The DPO's cooperation duty does not override the controller's or processor's own obligations under Article 31 GDPR (cooperation with the supervisory authority) or the controller's liability under Article 33–34 for breach notification. The DPO facilitates cooperation but does not substitute for the controller's or processor's legal responsibilities.

## Task (e): act as contact point for the supervisory authority and consult on other matters

The DPO must act as the contact point for the supervisory authority on issues relating to processing, including the prior consultation referred to in Article 36 GDPR, and to consult, where appropriate, with regard to any other matter.
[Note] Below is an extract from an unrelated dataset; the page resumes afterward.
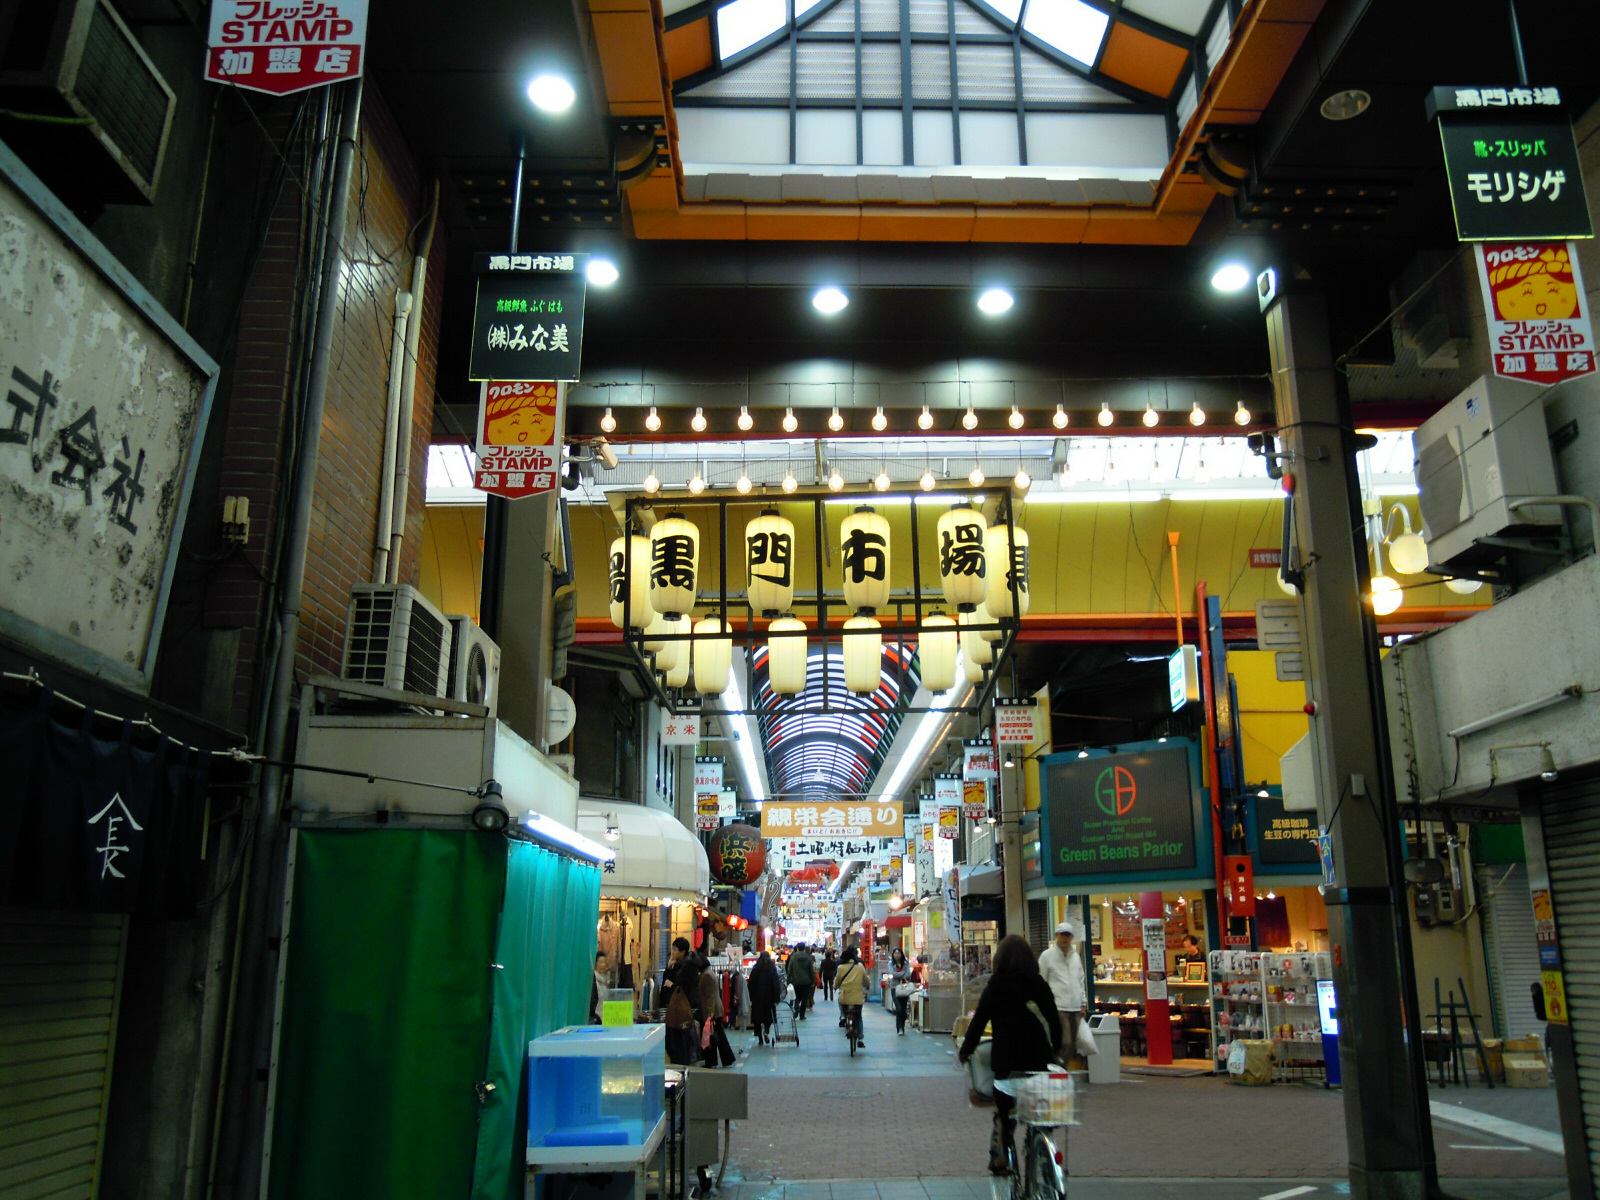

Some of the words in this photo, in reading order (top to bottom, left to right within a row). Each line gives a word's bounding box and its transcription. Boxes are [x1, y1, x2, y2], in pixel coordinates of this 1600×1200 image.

This makes the DPO the primary interlocutor between the organization and the supervisory authority on data-protection questions.

Contact-point role means the supervisory authority can direct questions, requests, notices, or enforcement decisions to the DPO, and the DPO must relay those communications to the controller or processor. The DPO must be easily accessible (Recital 97 GDPR). Article 37(7) GDPR requires the controller or processor to publish the contact details of the DPO and communicate them to the supervisory authority. Many supervisory authorities maintain a DPO register (for example, in Germany, Austria, France, and Italy); controllers and processors subject to the Article 37 designation obligation must register the DPO's contact details with the competent supervisory authority.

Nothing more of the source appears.